▶ _Directions for this task_
Repeat the data exactly as given below, dropping every picture.
Records supplied Start Marker
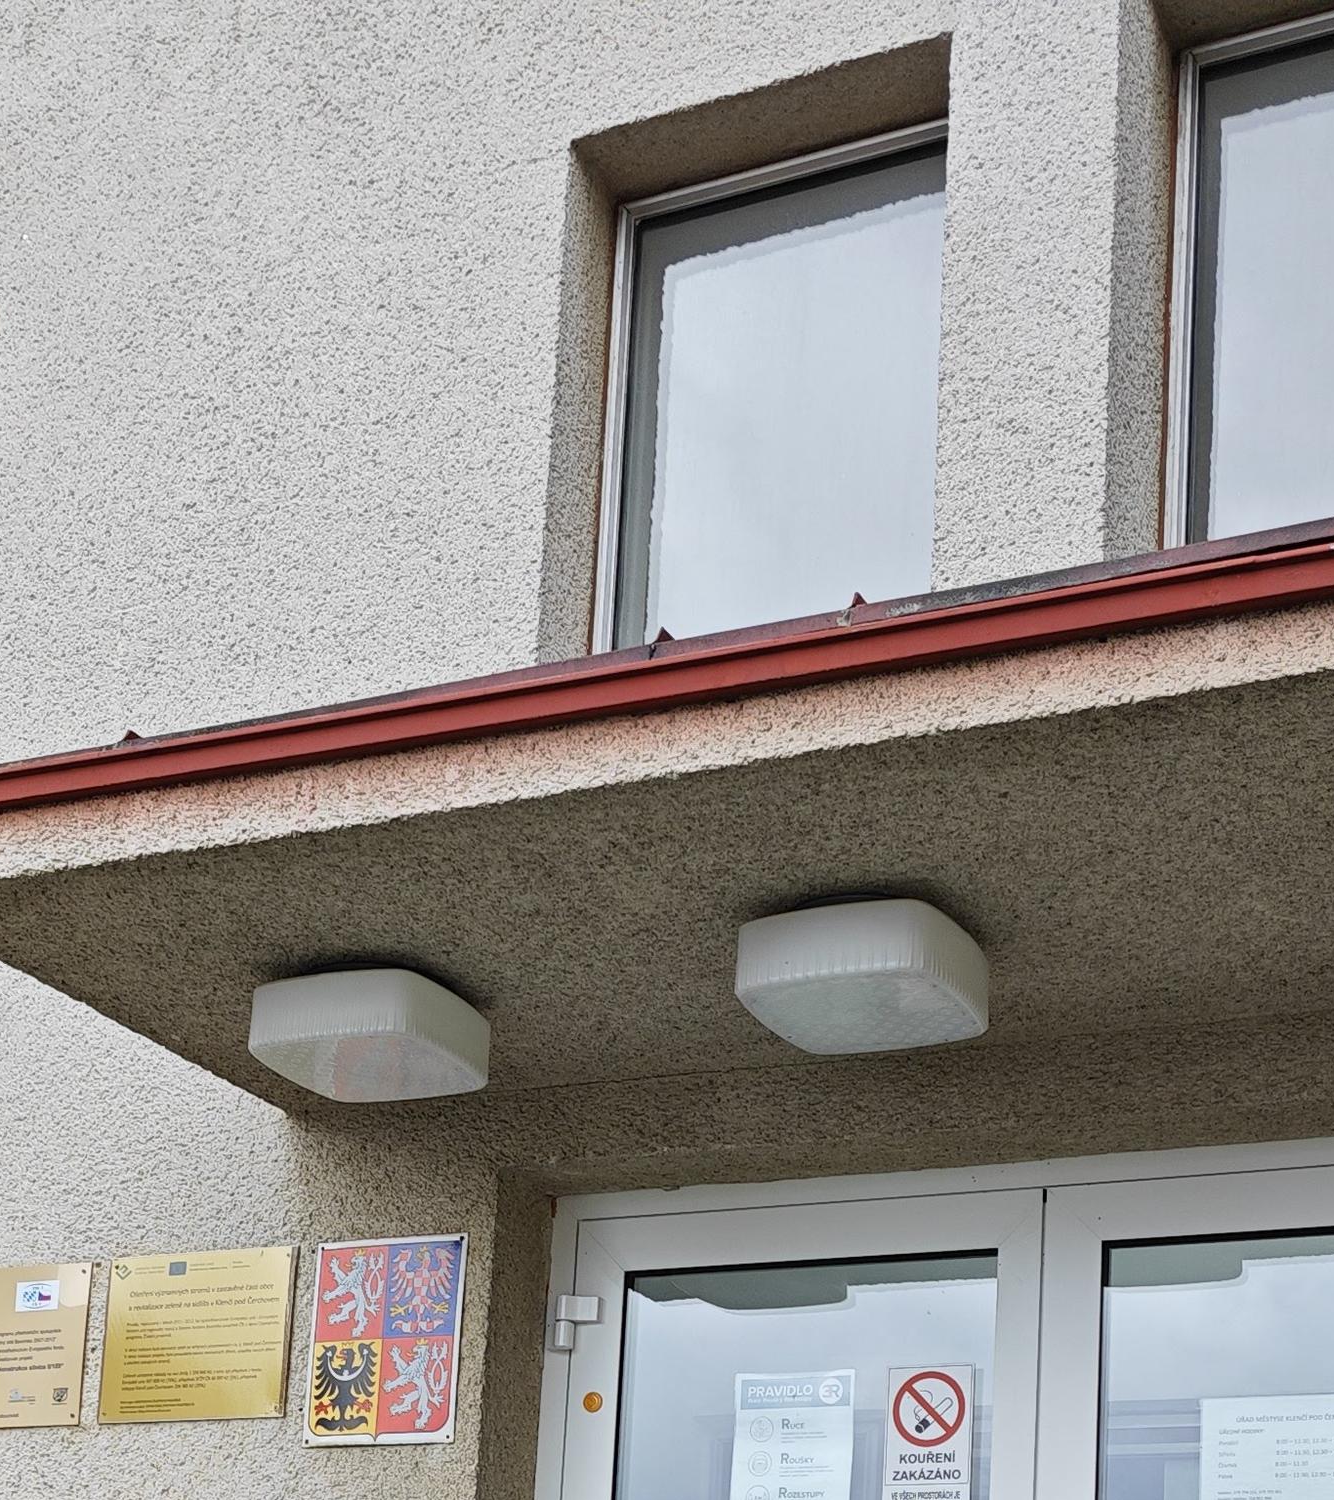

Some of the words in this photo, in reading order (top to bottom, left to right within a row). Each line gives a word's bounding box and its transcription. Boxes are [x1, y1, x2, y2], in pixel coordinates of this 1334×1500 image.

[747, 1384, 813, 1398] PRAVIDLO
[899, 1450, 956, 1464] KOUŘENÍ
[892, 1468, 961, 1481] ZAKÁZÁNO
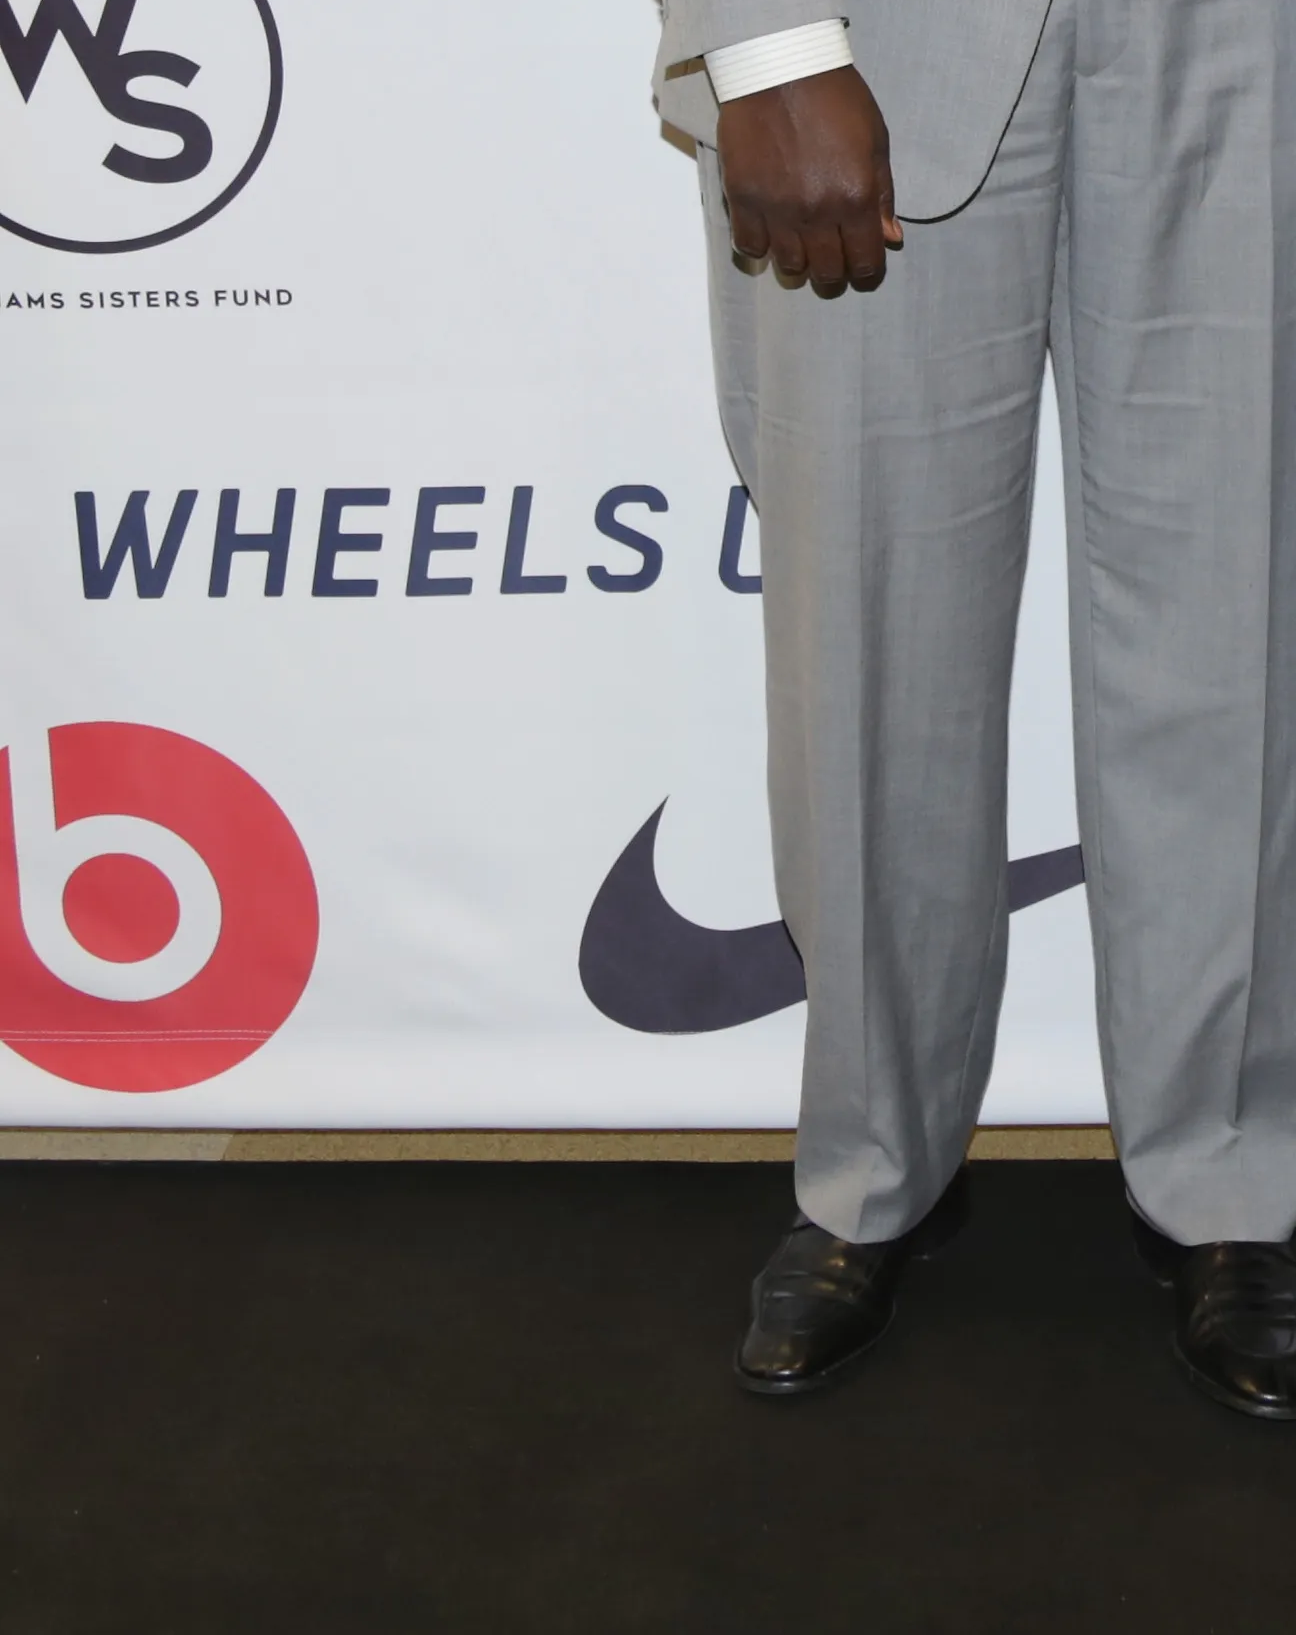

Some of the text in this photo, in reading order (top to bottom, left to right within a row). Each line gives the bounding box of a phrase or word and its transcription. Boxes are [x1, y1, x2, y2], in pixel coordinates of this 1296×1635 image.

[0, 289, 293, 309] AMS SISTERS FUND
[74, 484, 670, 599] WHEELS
Records supplied End Marker
▶ _The completed task_
Some of the words in this photo, in reading order (top to bottom, left to right within a row). Each line gives a word's bounding box and its transcription. Boxes are [x1, y1, x2, y2], in pixel coordinates of this 1334×1500 image.

[747, 1384, 813, 1398] PRAVIDLO
[899, 1450, 956, 1464] KOUŘENÍ
[892, 1468, 961, 1481] ZAKÁZÁNO

Some of the text in this photo, in reading order (top to bottom, left to right within a row). Each line gives the bounding box of a phrase or word and its transcription. Boxes are [x1, y1, x2, y2], in pixel coordinates of this 1296×1635 image.

[0, 289, 293, 309] AMS SISTERS FUND
[74, 484, 670, 599] WHEELS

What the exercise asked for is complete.